John Meredith bore an unmistakable resemblance to his mother's family, most notably seen in his cousin's grandson, John Redmond. On May 24, 1881, he died along with nearly two hundred others in the disaster that struck the Victoria steam-boat at London, Ontario. His son, Richard Martin Meredith, presented a chime of eleven church bells along with the tower clock to St. Paul's Cathedral (London, Ontario) in memory of his parents. The bells were cast in conjunction with the clock by Messrs Gillett & Johnston of Croydon, Surrey, and were first rung on Christmas Day, 1901. The inscription on the bells reads, In memory of John Walsingham Cooke Meredith, born 9 May 1809, died 24 May 1881; and Sarah, his wife, born 4 July 1819, died 12 September 1900.
Along with most of his family, John and his wife were buried at the Meredith Monument at Woodlands Cemetery in London, Ontario, the plot being marked by a tall [celtic cross]. There are also four memorial windows designed by Louis Comfort Tiffany in St. Paul's which feature the names of all of Meredith's family, donated by another son, Sir Vincent Meredith, and his wife.

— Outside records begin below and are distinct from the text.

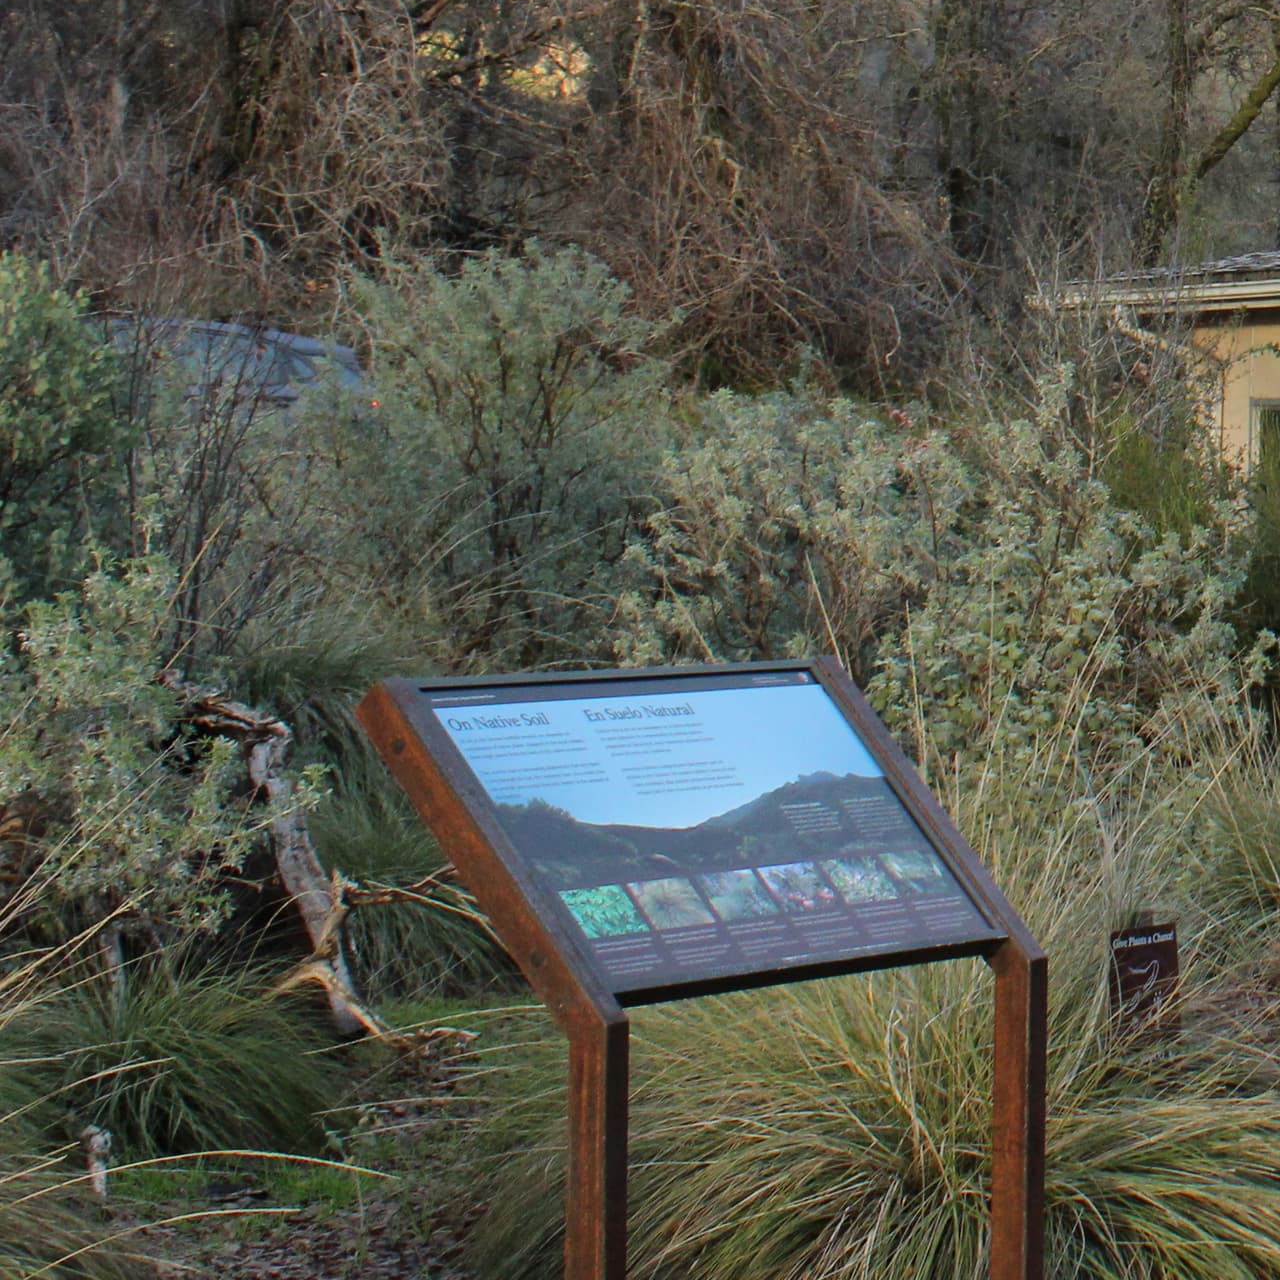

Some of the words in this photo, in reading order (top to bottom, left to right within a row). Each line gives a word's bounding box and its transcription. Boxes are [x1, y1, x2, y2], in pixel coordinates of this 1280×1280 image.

[448, 718, 472, 732] On
[477, 715, 520, 730] Native
[524, 712, 550, 726] Soil
[583, 709, 606, 723] En
[608, 706, 643, 721] Suelo
[645, 703, 695, 719] Natural
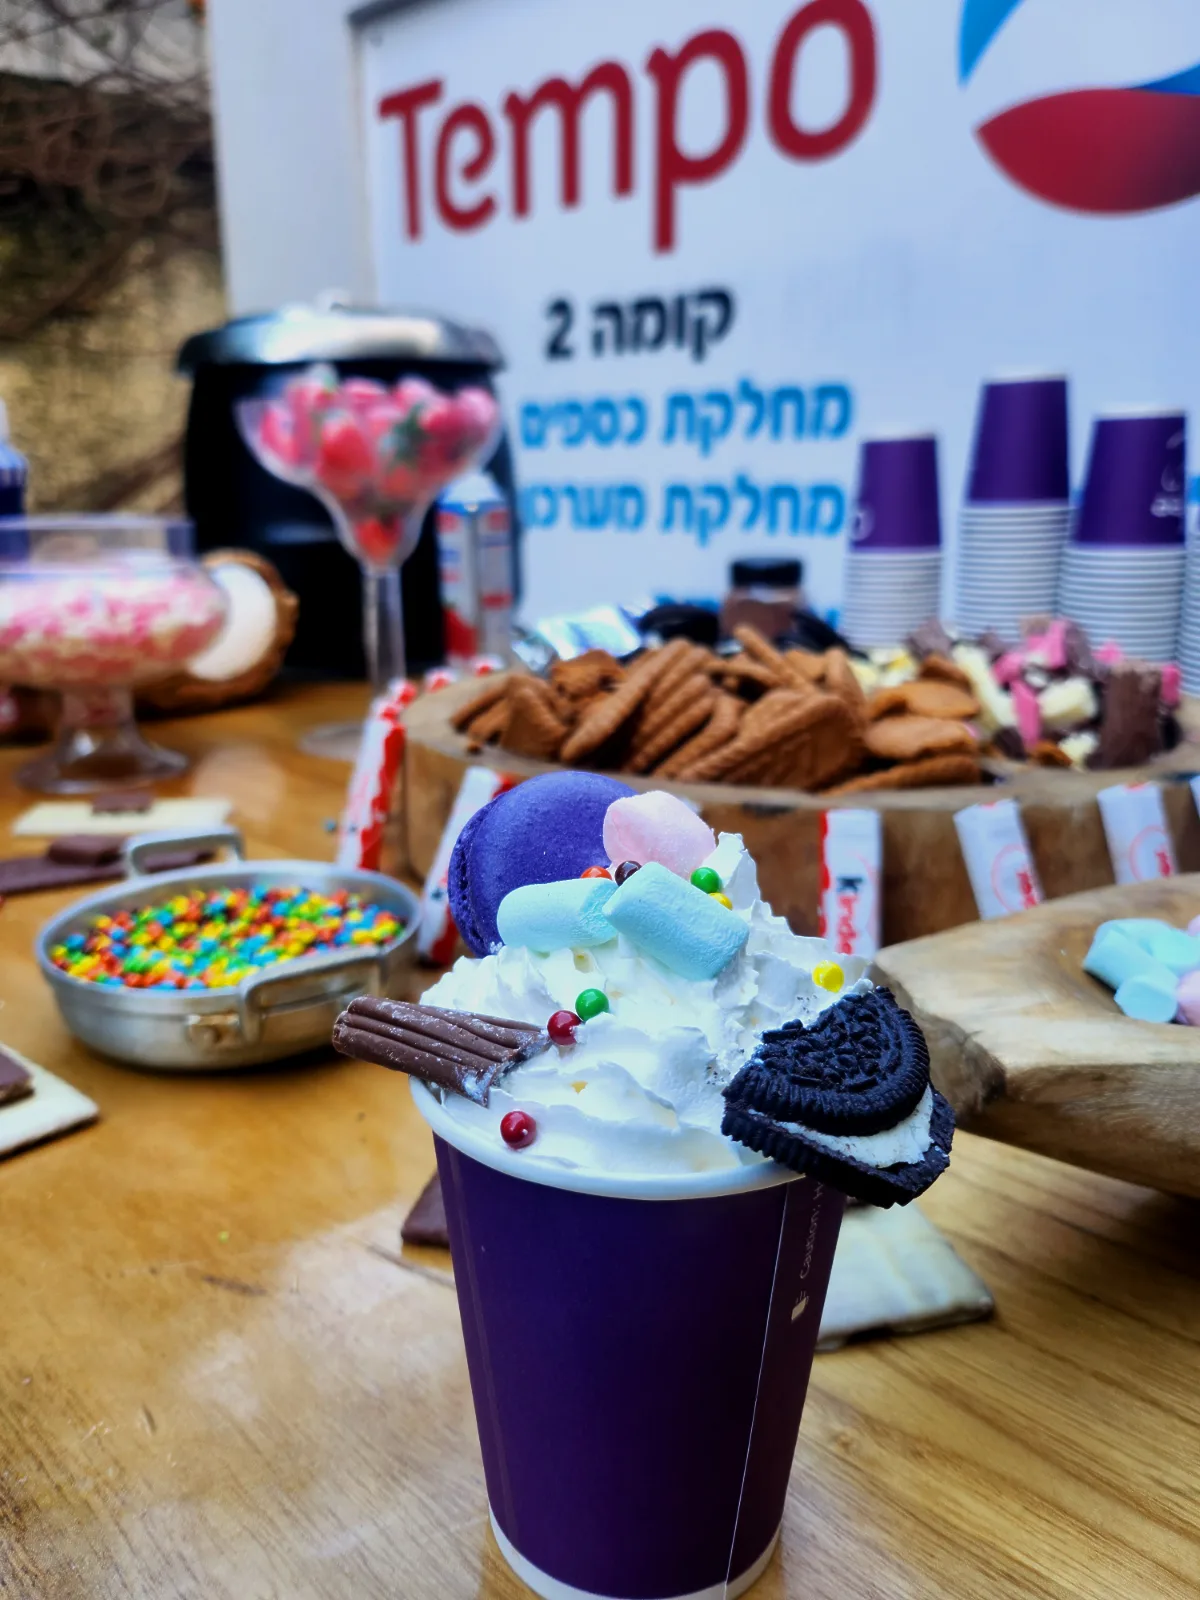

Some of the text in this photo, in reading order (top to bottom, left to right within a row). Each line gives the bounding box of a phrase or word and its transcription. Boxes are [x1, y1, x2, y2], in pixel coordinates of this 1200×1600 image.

[378, 0, 879, 255] Tempo
[546, 286, 736, 361] קומה 2
[662, 380, 853, 456] מחלקת
[521, 483, 647, 531] מערכו
[660, 474, 846, 544] מחלקת
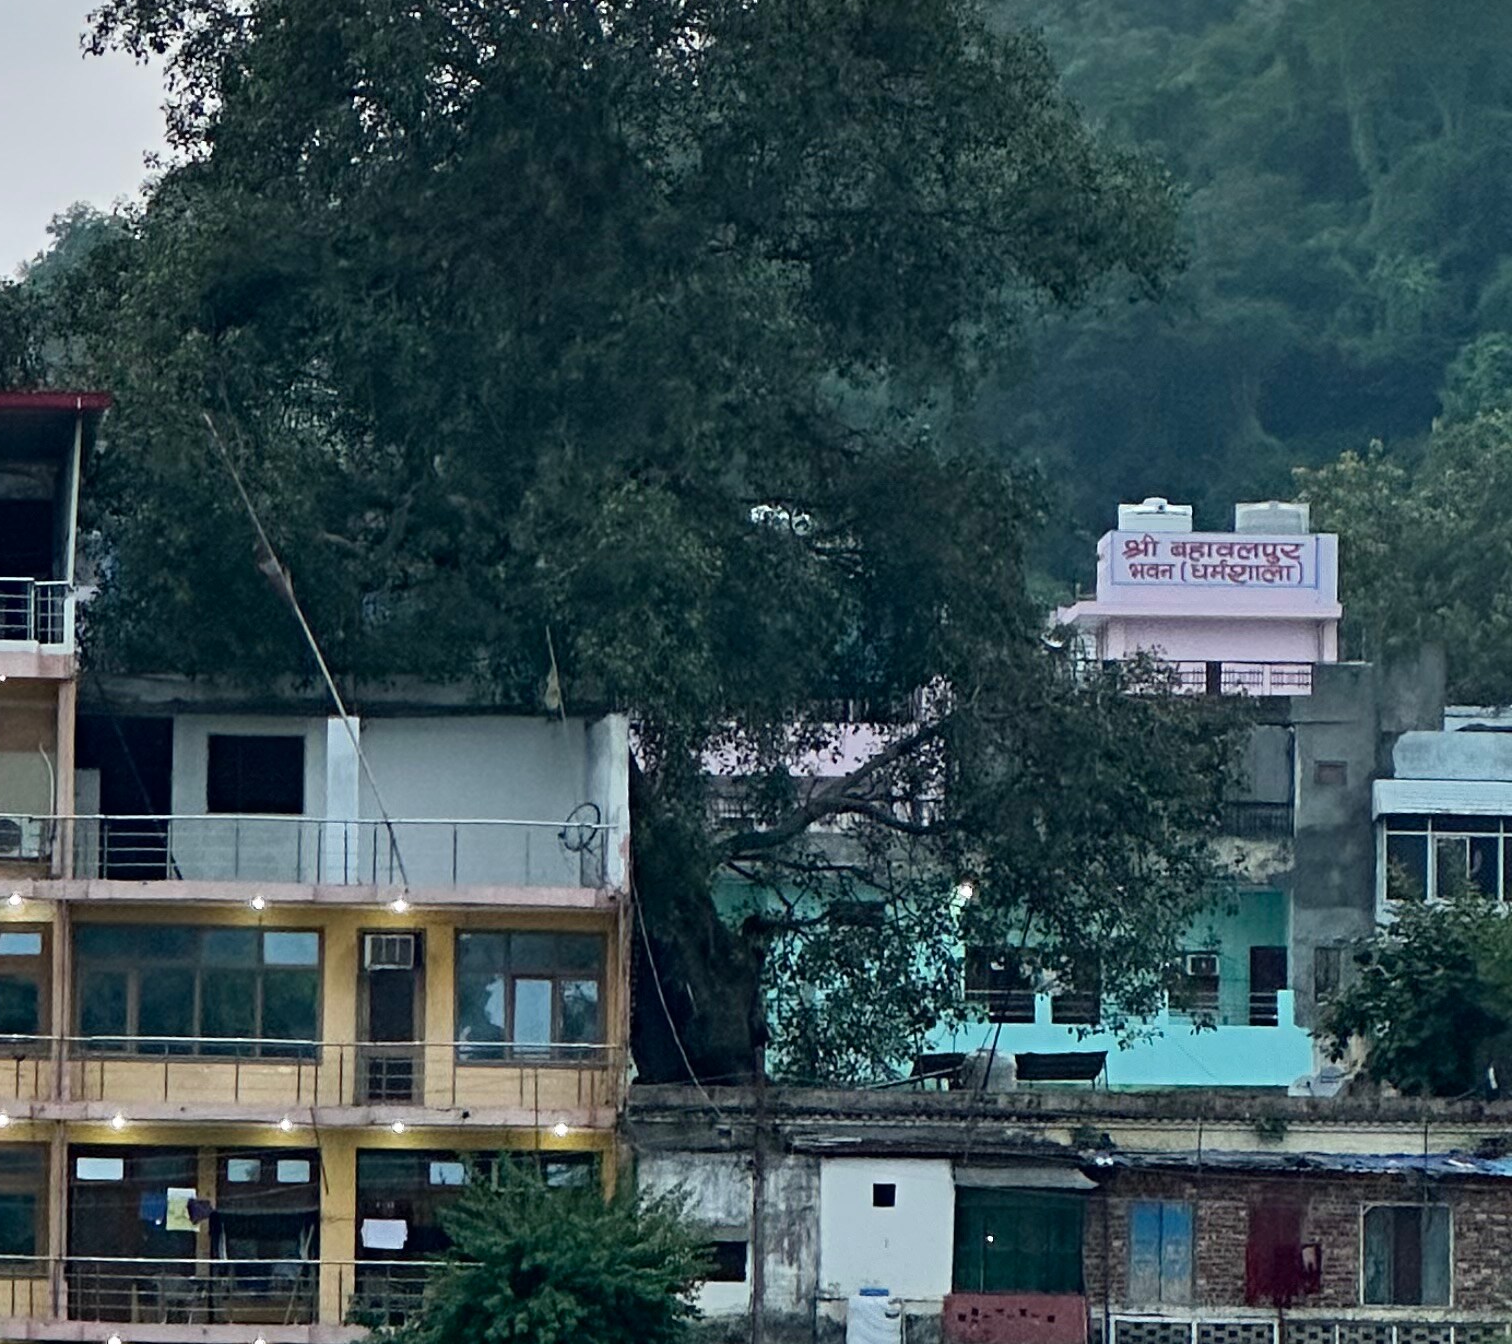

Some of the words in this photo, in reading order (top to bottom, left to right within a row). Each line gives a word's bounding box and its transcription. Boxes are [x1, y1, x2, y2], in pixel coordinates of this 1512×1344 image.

[1122, 533, 1160, 559] श्री
[1170, 541, 1304, 564] बहावलपुर
[1129, 563, 1176, 581] भवन
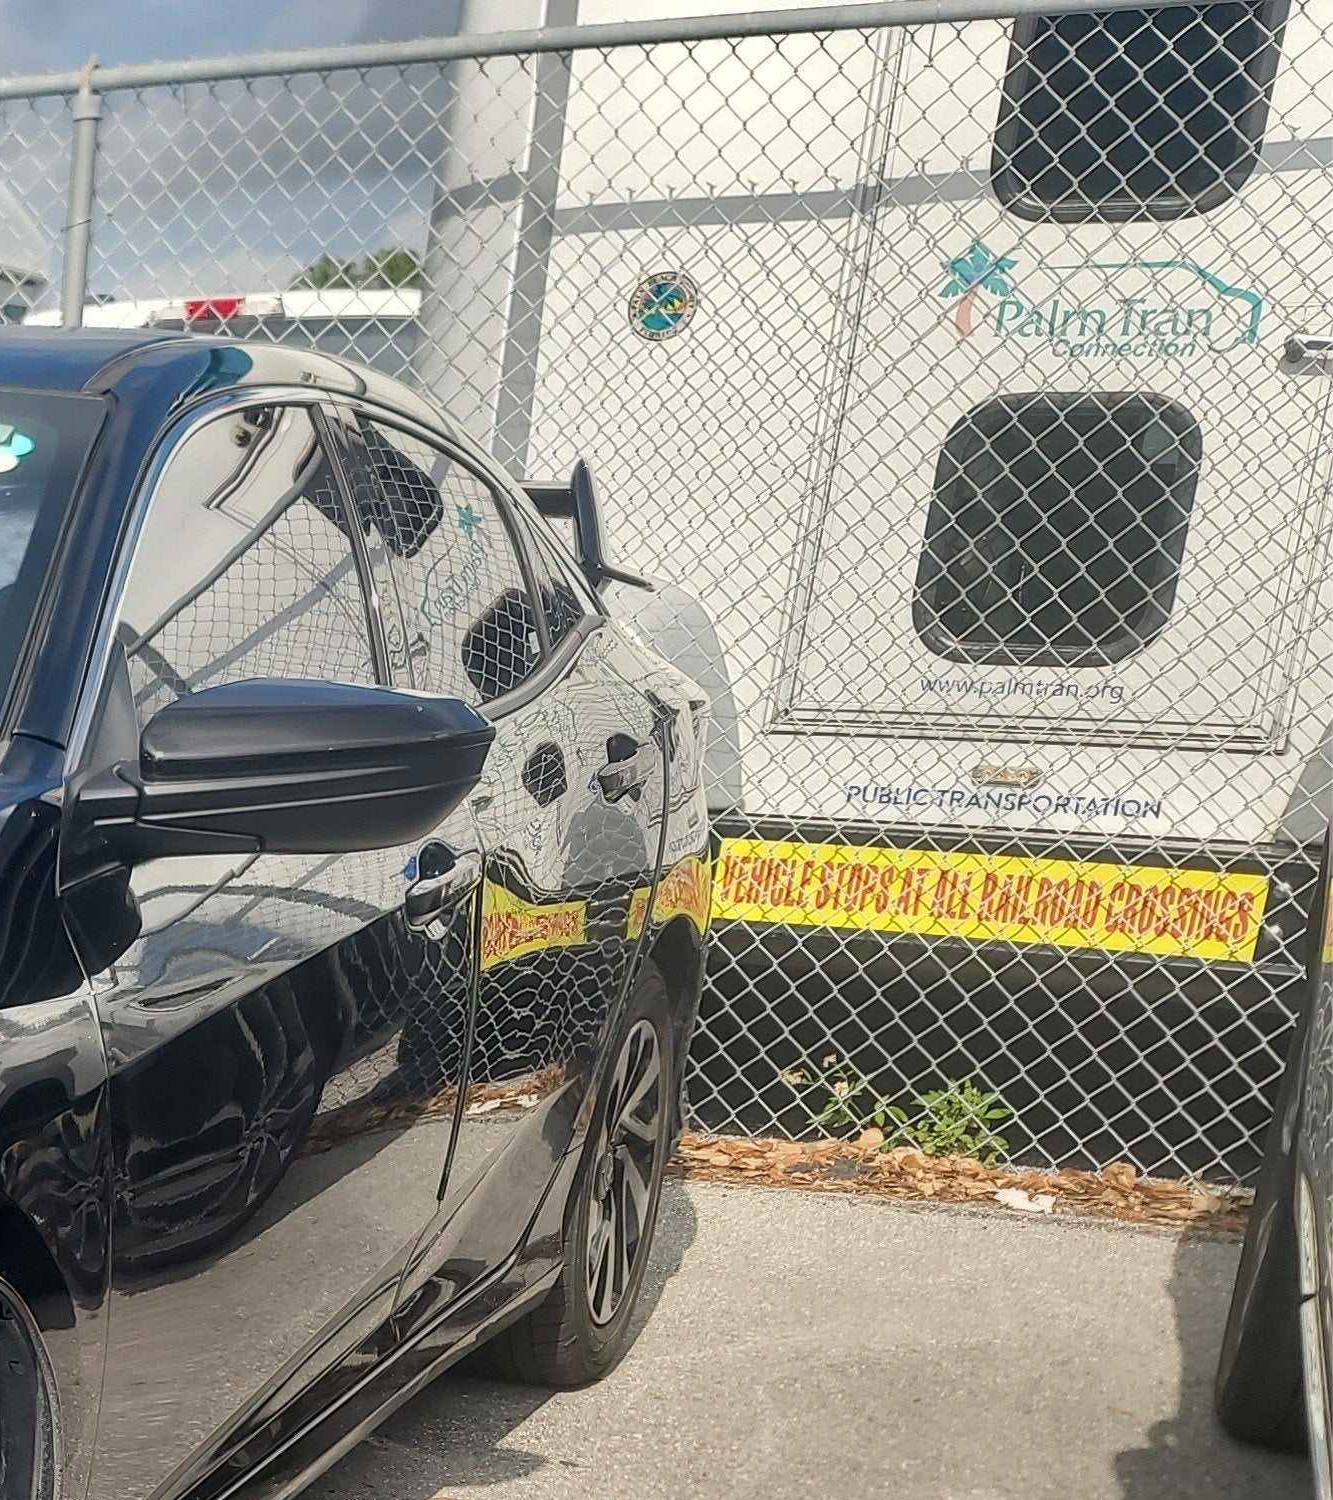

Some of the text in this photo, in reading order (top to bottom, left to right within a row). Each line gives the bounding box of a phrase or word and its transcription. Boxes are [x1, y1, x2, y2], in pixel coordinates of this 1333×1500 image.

[992, 297, 1213, 338] Palm Tran
[1052, 337, 1196, 358] Connection
[920, 677, 1124, 704] www.palmtran.org
[846, 785, 1163, 820] PUBLIC TRANSPORTATION
[720, 855, 815, 909] VEHICLE
[815, 860, 898, 915] STOPS
[896, 868, 931, 917] AT
[929, 869, 973, 922] ALL
[976, 872, 1102, 931] RAILROAD
[1105, 881, 1256, 945] CROSSINGS

One of the buildings at the Victoria Hospital, London, Ontario, is dedicated to his eldest daughter, Isabella Magdalene Meredith (1841–1907), and Meredith Avenue, also in London, is named after his sixth son, Thomas Graves Meredith. In Montreal, Charles Meredith House now serves as part of McGill University, named for his seventh son, and similarly, Lady Meredith House is named for the wife of his fifth son, Sir Vincent Meredith. The family is also remembered through a number of trophies, cups, scholarships and endowments donated by them.